Sunday 14 April 2013


Gallipoli - Saturday 13 April

Reflecting on the Turkey of 40 years ago and today, one thing illustrates the changes wrought in the country, for which Australia can claim some responsibility: the changed attitudes to Gallipoli. The Turks now celebrate it as much as we do.

Some forty years ago, we struggled to get more than a handful of Australians and a few Turks, to join us on 25 April on the Gallipoli peninsular.  In those days very few Turks recalled the events of 1915 with the same reverence that we showed to the battle on the peninsular - only the very old and some military historians  

Now, thousands of Australians crowd onto this thin strip of European Turkey stretching out into the Aegean Sea. Such has been the impact in Turkey of our massive, and now fairly ordered and sober, celebrations, that the Turks have adopted the event as their own, inspired at least in part by the way we conduct them.  They now describe their defense of the peninsular, including their successful blockade of the Dardanelles that preceded it, as a ‘turning point’ in their short history as an independent nation. A young school boy we met at the markets in a remote Turkish town in Anatolia, responded with a cry of 'ANZAC!' when we told him we were from Australia.  The Attaturk Mausoleum in Ankara now features the Gallipoli defense in a diorama that is the exact counterpoint of one in the national war memorial in Canberra - viewed from the heights rather than the beaches. 

The defense of the straits and the peninsular was certainly the basis upon which Mustafa Kemal [Attaturk] built a reputation for heroism and which formed a springboard for his campaign in the 1920’s for Turkish independence and recovery of territories.  There is, in this sense, a curious parallel between Turkish and Australian history: Gallipoli was a glorious lost battle for the ANZACs and a victory for the Turks; but Australia and its allies won the war.

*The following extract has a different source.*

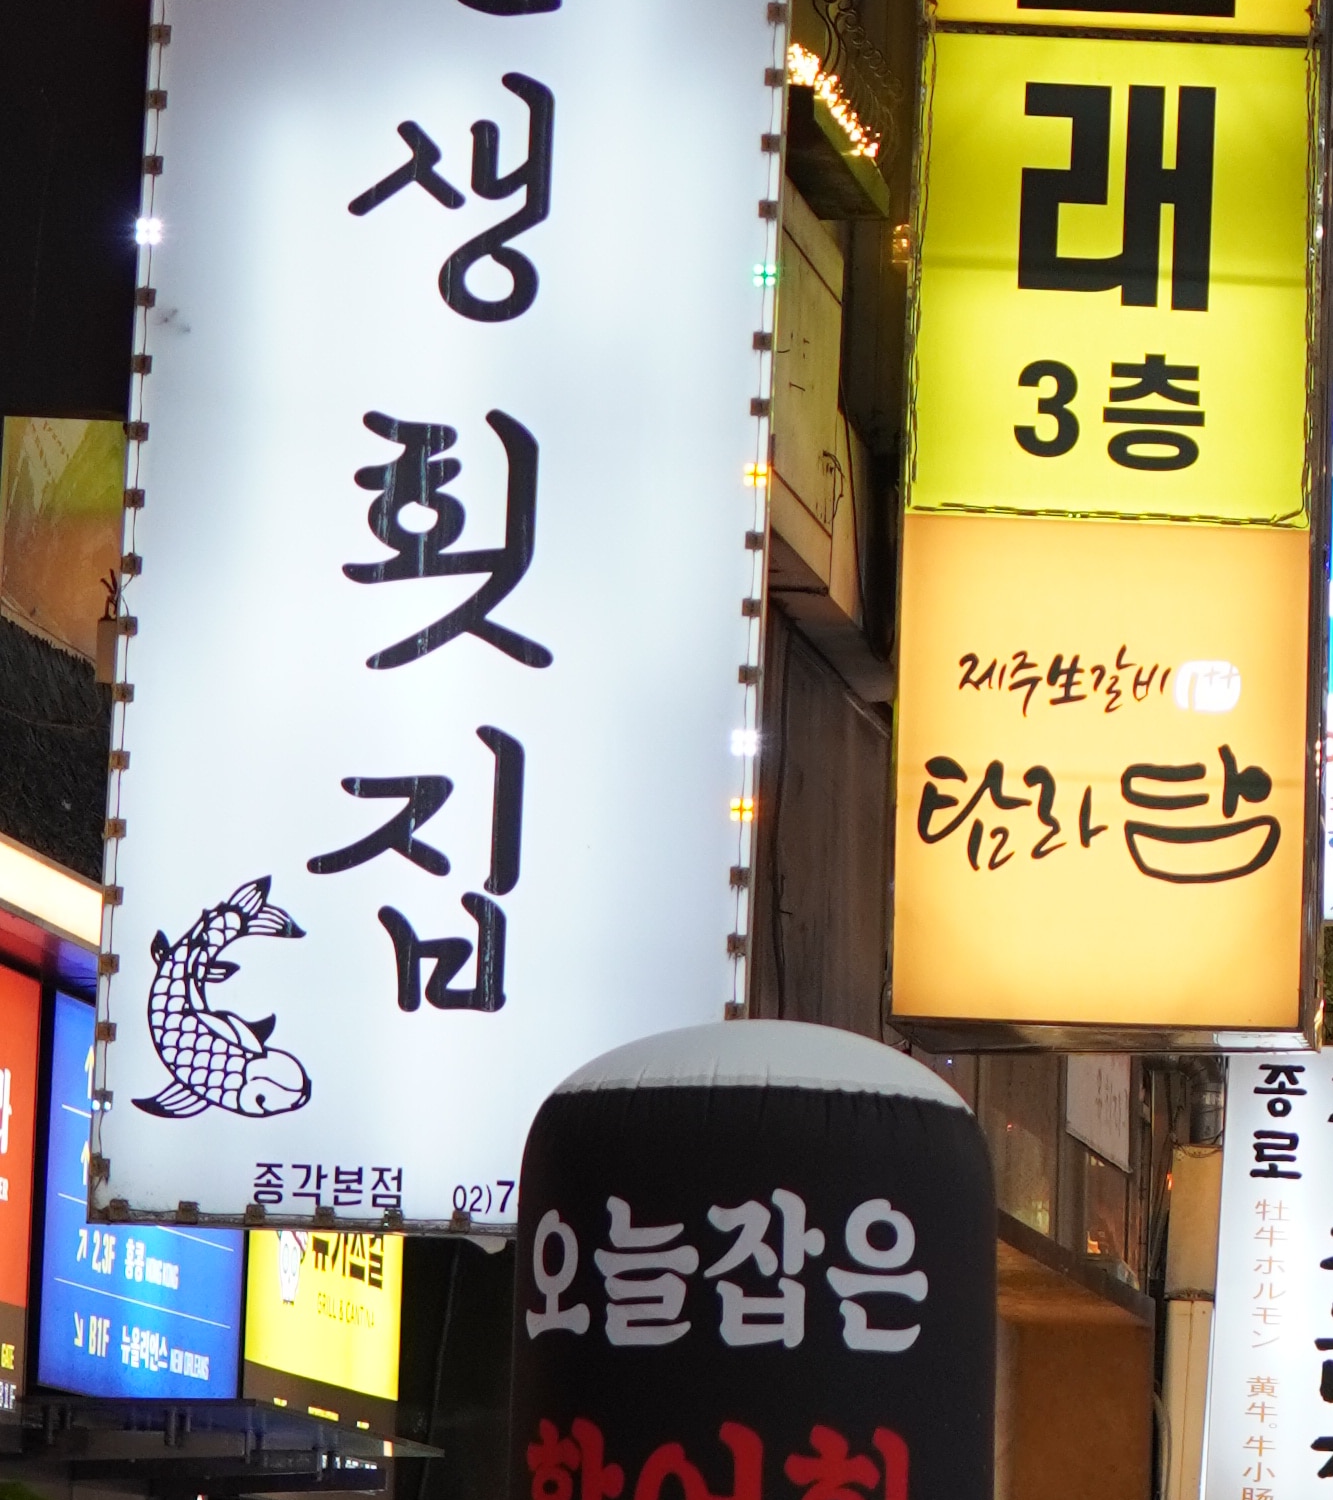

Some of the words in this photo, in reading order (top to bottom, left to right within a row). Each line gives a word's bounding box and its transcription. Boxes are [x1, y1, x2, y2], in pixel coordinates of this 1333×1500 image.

The Turks lost every other battle of the First World War in which they were engaged and went down with their German allies in the overall conflagration.  But we both celebrate the battle: the Turks as a turning point as I said and we as the coming of age of a nation federated just 14 years before the landings at ANZAC Cove. Sharon and I posed for this photograph identifying the Cove with the beaches in the background. The landscape and the memorials are as memorable and moving as ever.


Into Greece

After Gallipoli we travelled north up the peninsular into European Turkey and then crossed the border into Greece.

We stayed for two nights in Kavala, which is nearby to the ancient town of Philippi.  We were picking up the footsteps of Saint Paul who has crossed the Aegean Sea from Turkey to Thrace.  Here, Paul delivered his first sermon in Europe and converted his first European, a fairly well off woman by the name of Lidia, a 'god-fearer'.

Kavala is in the most Moslem part of Greece due to its 400 years or so as part of the Ottoman Empire. villages in teh country side seem to feature as many mosques as churches and I heard Turkish being spoken in the town.